In testimony given on Wednesday, May 19, before a U.S. House of Representative subcommittee, Brown computer scientist Seny Kamara reminded lawmakers that along with the great power of cutting-edge computing comes a responsibility to make sure those systems are used ethically and for the benefit of all.  

“Exascale computing is not only an incredible achievement, but an incredible resource with the power to shape our lives and those of future generations,” Kamara told members of Congress as he delivered his testimony virtually. “As such, we must be careful and thoughtful about how we make use of it. In particular, it is incumbent upon us to make sure that we deploy and use this resource in a manner that is fair and inclusive; that benefits not only the powerful, but those who have historically been marginalized by society and technology.”
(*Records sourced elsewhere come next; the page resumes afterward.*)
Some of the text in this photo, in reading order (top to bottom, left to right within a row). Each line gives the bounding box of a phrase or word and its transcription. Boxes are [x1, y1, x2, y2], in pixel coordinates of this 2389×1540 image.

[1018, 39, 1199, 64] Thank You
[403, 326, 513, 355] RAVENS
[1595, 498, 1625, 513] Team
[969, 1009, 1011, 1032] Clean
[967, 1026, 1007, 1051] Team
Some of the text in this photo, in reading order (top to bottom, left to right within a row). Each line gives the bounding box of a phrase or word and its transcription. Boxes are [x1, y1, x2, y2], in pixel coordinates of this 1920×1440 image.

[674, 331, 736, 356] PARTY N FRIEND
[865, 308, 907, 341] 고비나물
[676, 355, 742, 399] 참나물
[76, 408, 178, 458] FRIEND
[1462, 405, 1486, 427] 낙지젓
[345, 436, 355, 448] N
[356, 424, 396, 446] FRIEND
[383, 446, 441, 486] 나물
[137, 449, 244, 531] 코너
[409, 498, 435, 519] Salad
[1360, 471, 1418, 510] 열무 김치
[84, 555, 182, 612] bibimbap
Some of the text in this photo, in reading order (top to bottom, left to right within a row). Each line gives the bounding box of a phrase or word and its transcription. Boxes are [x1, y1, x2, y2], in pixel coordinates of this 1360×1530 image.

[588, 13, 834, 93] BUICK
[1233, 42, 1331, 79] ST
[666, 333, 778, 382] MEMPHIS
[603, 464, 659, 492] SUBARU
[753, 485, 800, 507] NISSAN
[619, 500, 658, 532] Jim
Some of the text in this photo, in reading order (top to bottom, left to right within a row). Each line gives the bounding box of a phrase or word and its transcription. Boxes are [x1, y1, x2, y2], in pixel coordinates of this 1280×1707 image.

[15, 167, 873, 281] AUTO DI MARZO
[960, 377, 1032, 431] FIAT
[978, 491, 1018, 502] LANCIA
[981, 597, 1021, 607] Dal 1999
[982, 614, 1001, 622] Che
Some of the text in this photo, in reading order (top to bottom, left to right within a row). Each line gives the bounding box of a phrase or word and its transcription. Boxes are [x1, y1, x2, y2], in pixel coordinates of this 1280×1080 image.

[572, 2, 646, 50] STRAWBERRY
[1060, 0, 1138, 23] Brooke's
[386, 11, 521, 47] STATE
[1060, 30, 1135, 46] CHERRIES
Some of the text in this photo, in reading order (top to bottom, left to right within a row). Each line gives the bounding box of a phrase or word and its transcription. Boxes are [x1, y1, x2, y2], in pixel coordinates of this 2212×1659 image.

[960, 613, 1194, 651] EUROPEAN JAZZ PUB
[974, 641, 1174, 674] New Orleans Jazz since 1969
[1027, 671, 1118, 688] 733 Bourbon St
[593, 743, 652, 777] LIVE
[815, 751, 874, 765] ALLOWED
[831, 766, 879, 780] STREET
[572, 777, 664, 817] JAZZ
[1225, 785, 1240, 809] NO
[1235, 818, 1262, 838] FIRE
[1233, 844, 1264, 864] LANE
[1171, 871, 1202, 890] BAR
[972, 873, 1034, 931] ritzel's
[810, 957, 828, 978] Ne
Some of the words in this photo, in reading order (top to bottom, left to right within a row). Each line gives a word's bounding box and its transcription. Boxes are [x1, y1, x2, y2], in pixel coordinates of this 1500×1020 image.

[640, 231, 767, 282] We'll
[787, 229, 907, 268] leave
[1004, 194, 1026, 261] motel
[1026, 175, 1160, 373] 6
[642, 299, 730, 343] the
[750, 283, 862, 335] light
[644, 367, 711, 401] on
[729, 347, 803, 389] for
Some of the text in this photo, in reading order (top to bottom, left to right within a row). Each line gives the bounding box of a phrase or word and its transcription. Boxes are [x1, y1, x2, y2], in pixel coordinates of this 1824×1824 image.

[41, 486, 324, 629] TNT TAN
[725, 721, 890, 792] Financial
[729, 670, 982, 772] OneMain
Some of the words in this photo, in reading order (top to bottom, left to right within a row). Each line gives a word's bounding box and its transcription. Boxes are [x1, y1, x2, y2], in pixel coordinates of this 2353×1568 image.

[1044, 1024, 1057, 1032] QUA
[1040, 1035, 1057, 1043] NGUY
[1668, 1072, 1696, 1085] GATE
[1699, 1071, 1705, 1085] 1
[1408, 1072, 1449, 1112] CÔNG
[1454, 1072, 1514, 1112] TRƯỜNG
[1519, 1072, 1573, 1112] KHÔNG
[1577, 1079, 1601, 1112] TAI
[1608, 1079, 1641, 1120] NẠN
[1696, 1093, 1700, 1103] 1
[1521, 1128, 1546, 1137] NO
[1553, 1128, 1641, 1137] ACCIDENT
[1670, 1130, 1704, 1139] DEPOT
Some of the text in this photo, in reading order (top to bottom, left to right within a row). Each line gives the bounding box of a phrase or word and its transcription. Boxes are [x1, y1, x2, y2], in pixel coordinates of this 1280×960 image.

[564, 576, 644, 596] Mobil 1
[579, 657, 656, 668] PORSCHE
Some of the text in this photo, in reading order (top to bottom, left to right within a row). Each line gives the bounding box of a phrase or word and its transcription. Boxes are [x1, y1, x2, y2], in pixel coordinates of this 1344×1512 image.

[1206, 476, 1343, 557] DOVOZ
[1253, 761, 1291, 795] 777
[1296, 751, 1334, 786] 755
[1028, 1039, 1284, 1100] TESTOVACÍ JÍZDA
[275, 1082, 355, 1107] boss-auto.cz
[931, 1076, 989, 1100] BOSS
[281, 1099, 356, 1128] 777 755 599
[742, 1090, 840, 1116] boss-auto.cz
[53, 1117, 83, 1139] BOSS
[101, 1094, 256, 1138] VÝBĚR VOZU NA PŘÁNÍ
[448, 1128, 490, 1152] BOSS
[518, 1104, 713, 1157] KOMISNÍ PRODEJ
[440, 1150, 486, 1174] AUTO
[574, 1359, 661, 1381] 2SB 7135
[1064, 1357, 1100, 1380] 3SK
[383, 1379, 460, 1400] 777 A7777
Kamara, an associate professor of computer science at Brown and an expert in cryptography and data security, spoke before the House Committee on Science, Space and Technology’s Subcommittee on Energy. The hearing included experts from government, higher education and industry discussing the future of the nation’s scientific computing infrastructure.

In his remarks, Kamara cited examples of how well-intentioned technology can be used in potentially nefarious or destructive ways. Facial recognition, for example, is great for helping people log on to smartphones quickly, but it can also be used for intrusive surveillance.

“We must always remind ourselves that technology is not inherently good and does not benefit everyone equally by default,” he said. “In fact, we need to think hard about the harms technology can cause and work even harder to mitigate those harms.”

It’s critical as well, Kamara said, to make sure the benefits of these technologies are equally distributed.

“The investments we are making in exascale computing will improve national security, the U.S. economy and industry,” he said. “But will everyone benefit equally from this investment? Will the 13-year-old girl from Washington Heights, New York, benefit from this investment as much as the tech, energy and pharmaceutical industries? Will there be as much effort to use these supercomputers in the fight against sickle cell anemia as other diseases?”

He urged lawmakers to keep equity and social responsibility in mind as they plot the course of the nation’s scientific computing infrastructure.